SECURITIES AND EXCHANGE COMMISSION

Washington, D.C. 20549

 

 

FORM 8-K

 

 

CURRENT REPORT

PURSUANT TO SECTION 13 OR 15(d)

OF THE SECURITIES EXCHANGE ACT OF 1934

Date of Report (Date of earliest event reported): May 24, 2022

 

 

Benessere Capital Acquisition Corp.

(Exact name of registrant as specified in its charter)

 

 

 

Delaware   001-39836   85-3223033

(State or other jurisdiction

of incorporation)

 

(Commission

File Number)

 

(IRS Employer

Identification No.)

78 SW 7th Street, Unit 800

Miami, FL 33130

(Address of principal executive offices, including zip code)

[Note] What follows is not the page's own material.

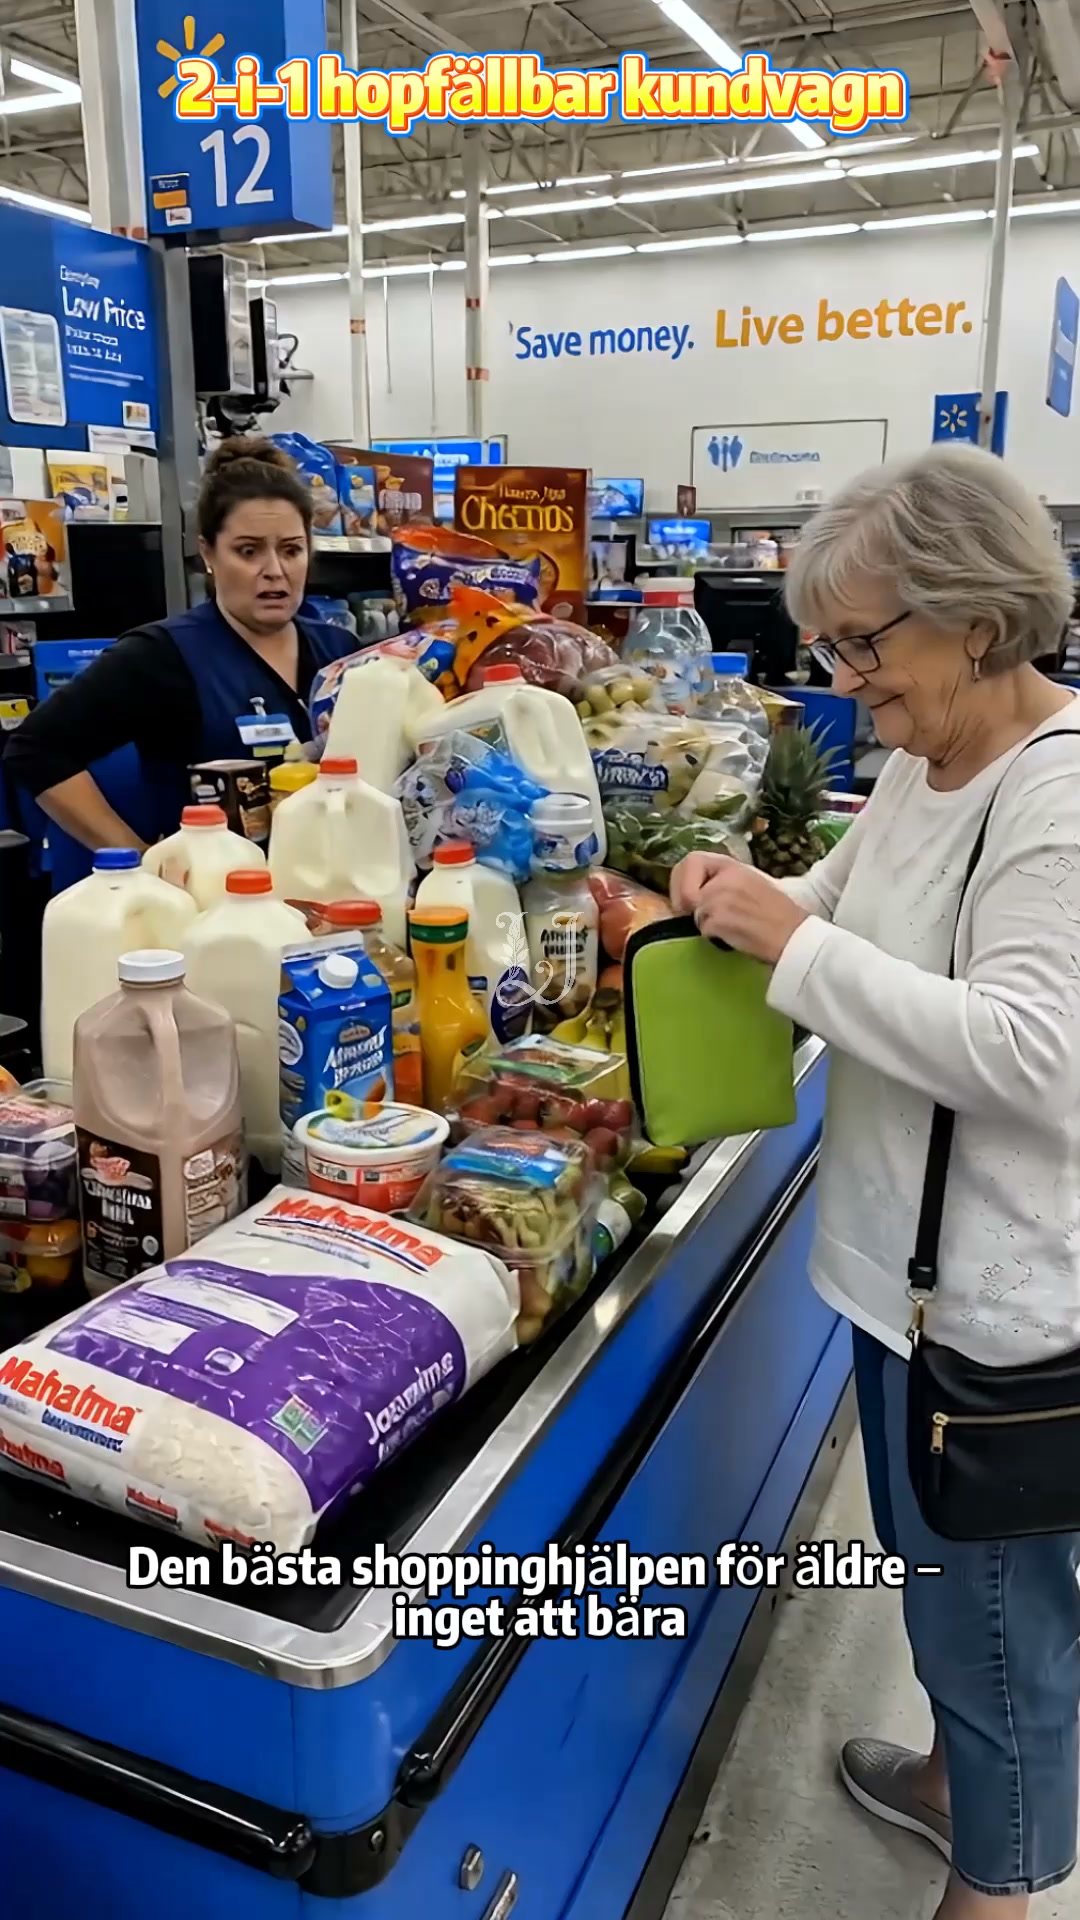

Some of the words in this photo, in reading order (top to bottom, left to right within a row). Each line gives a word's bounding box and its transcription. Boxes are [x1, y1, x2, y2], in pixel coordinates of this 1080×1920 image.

Registrant’s telephone number, including area code: (561) 467-5200

(Former name or former address, if changed since last report)

 

 

Check the appropriate box below if the Form 8-K filing is intended to simultaneously satisfy the filing obligation of the registrant under any of the following provisions:

 

Written communications pursuant to Rule 425 under the Securities Act (17 CFR 230.425)

 

Soliciting material pursuant to Rule 14a-12 under the Exchange Act (17 CFR 240.14a-12)

 

Pre-commencement communications pursuant to Rule 14d-2(b) under the Exchange Act (17 CFR 240.14d-2(b))

 

Pre-commencement communications pursuant to Rule 13e-4(c) under the Exchange Act (17 CFR 240.13e-4(c))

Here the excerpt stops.